The capital of the Czech Republic and one of Europe’s most popular tourist destinations, Prague offers a wealth of architectural and historic attractions and is one of the most rewarding cities in Europe to experience. Throughout its long history, it’s been the capital of the Holy Roman Empire, part of the Habsburg Empire and has had a prominent role in several major conflicts. In contrast, the altogether more peaceful Velvet Revolution in 1989 marked the dawn of a non-Communist future and an influx of tourist visitors. Though it lies far from either, Prague is included on a number of river cruise itineraries which explore the Main and the Danube rivers, with an overnight stay usually included. You’ll no doubt be glad of this, as the city’s historical centre is a UNESCO World Heritage Site, rich in cultural attractions.
Prague’s Old Town is the place to go if you want to experience the city’s 13th-century charm. The expansive square is always alive with numerous market stalls, craft displays and cafes vying for your attention. It’s a great place to pick up a souvenir and soak up the atmosphere and also where you’ll find such architectural treasures as the Old Town Hall and Astronomical Clock. The former is an incredible piece of Gothic architecture which dominates the square, while the latter is always popular with visitors, as the clock’s animated mechanical figures emerge from the clock on the hour to the delight of the assembled crowds below. The Church of the Virgin Mary Before Tyn is another key Old Town landmark and you won’t fail to miss its distinctive black spires as soon as you enter the square.

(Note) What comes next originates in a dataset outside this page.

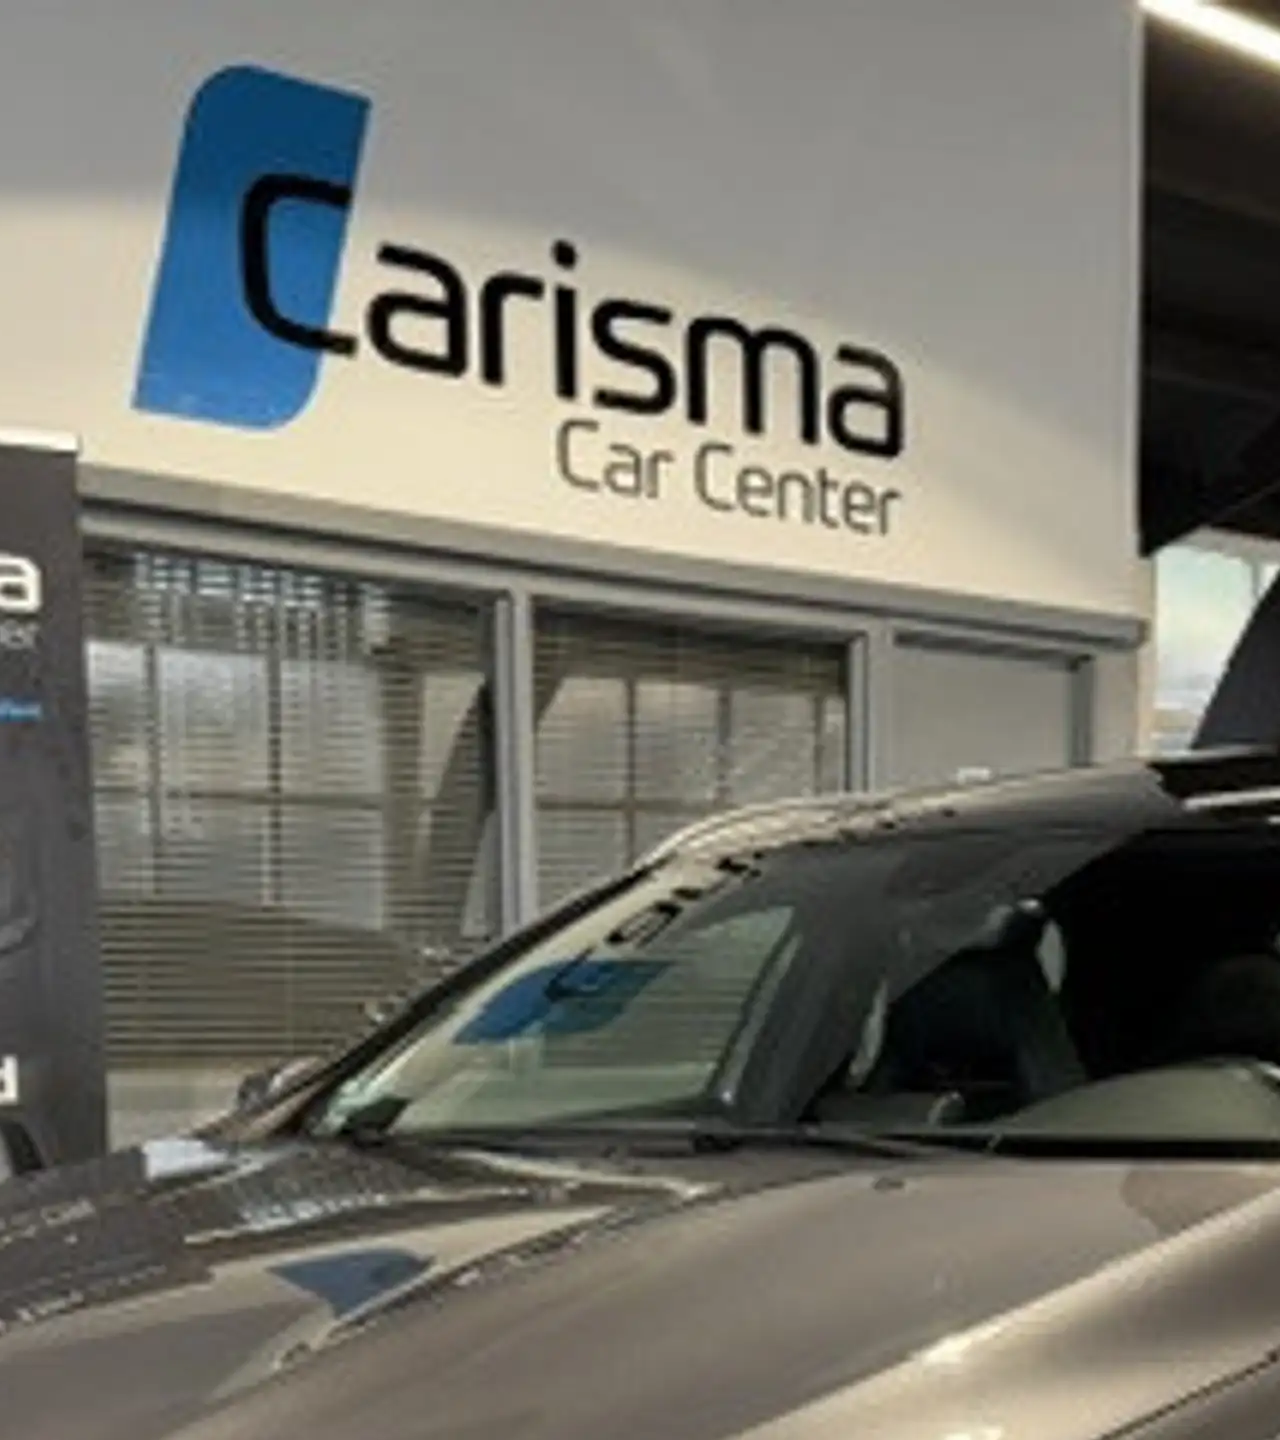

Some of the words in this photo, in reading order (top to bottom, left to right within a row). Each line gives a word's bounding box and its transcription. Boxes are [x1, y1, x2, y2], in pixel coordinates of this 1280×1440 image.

[237, 171, 906, 460] Carisma
[556, 417, 676, 501] Car
[693, 441, 904, 538] Center

Leave the Old Town across the Vltava River, which joins the Elbe further south, and visit the home of one of Europe’s finest faith buildings in the form of the soaring St Vitus Cathedral, which is part of the Prague Castle complex and visible from anywhere in the city. Though the square it sits on is pretty large, you’ll struggle to fit its façade in the frame if you’re taking a photo, which should give you an impression of how big it is. The view from the south tower is certainly worth the 297-step climb but there are plenty of wonders to behold inside too, including some hugely detailed stained glass windows and an incredible mosaic of the Last Judgement.
If St Vitus Cathedral was where Czech kings-past were both crowned and laid to rest, Prague Castle itself was where they ruled from, throughout hundreds of years of the city’s history. Though it’s now home to the presidential offices, other attractions in the castle complex include some beautiful terraced gardens and courtyards to explore.
Your cruise excursion leader will no doubt be wise to this but be sure to get there early to see the Astronomical Clock in action if you’re exploring the Old Town on your own. Beer is a big deal in Prague and if you want to try a local brew, Staropramen is a popular choice.